Już w nocy z soboty na niedzielę ostrzegaliśmy Was przed nowym atakiem 0day, o którym pisze dzisiejsza prasa. Błąd został już przeanalizowany i opisany, czas zatem na kilka słów o tym, jak uchronić się przed tym i podobnymi zagrożeniami.
Błędy typu 0day są szczególnie niebezpieczne, ponieważ najczęściej istniejące mechanizmy obronne nie są w ich przypadku skuteczne. Należy jednak pamiętać, że często exploity działają jedynie w bardzo specyficznych konfiguracjach i świadomość tego, na czym polega zagrożenie, może pomóc nam się zabezpieczyć, zanim zostanie wydana odpowiednia poprawka.

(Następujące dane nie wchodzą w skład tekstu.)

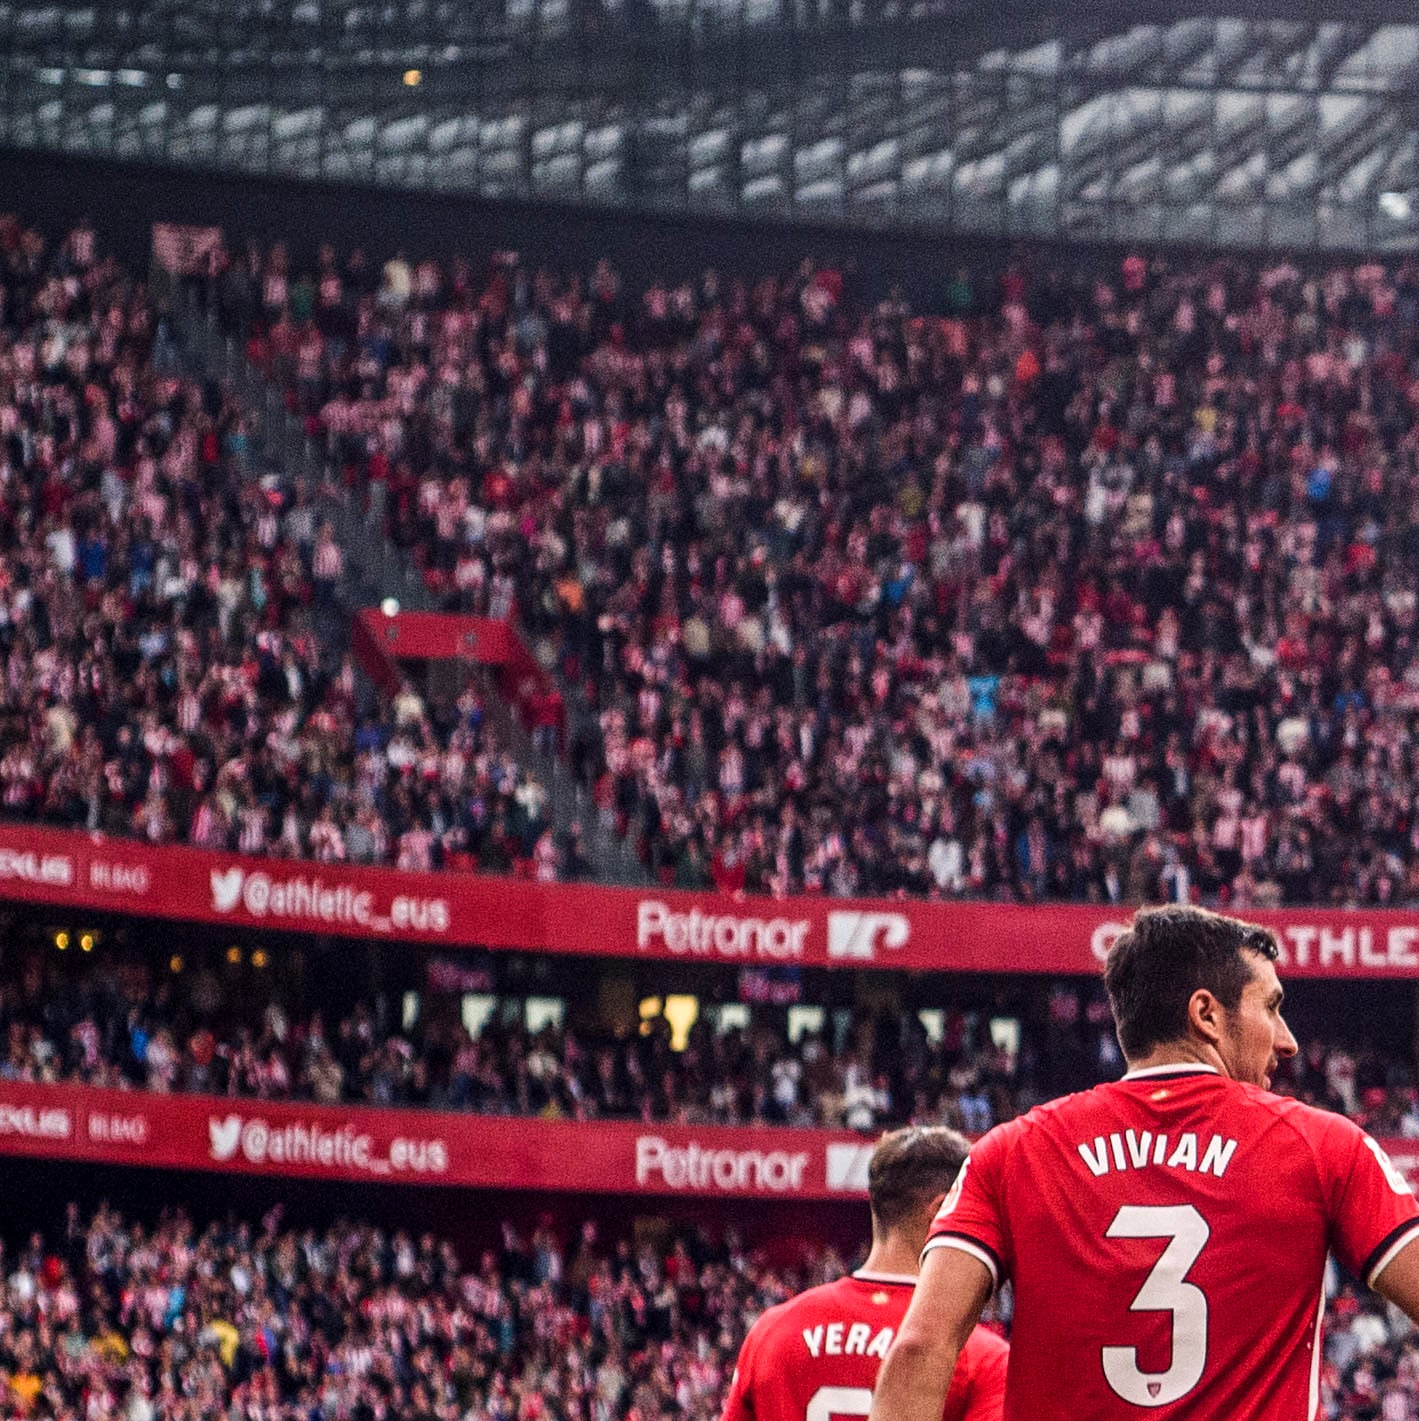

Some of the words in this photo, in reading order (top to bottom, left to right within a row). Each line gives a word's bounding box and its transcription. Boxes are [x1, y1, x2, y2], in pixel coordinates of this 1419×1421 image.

Dwa różne exploity, różny zakres działania
Mimo, iż błąd występuje w Internet Explorerze, to jego wykorzystanie wymaga użycia zewnętrznej aplikacji. Przypomnijmy, że oryginalny exploit, odkryty i opisany przez Erica Romanga, wykorzystuje pliki HTML oraz SWF i atakuje Windowsa XP z przeglądarką Internet Explorer w wersji 7 oraz 8. Szczegóły jego działania opisują także blog AlienVault oraz VulnHunt (dużo bardziej szczegółowo, niestety po chińsku – chociaż większość informacji to i tak logi). Jako że exploit wykorzystywany jest w celowanych atakach, to jeśli nie jesteście tybetańskimi aktywistami lub projektantami niewidzialnych myśliwców, prawdopodobnie się na niego nie natkniecie.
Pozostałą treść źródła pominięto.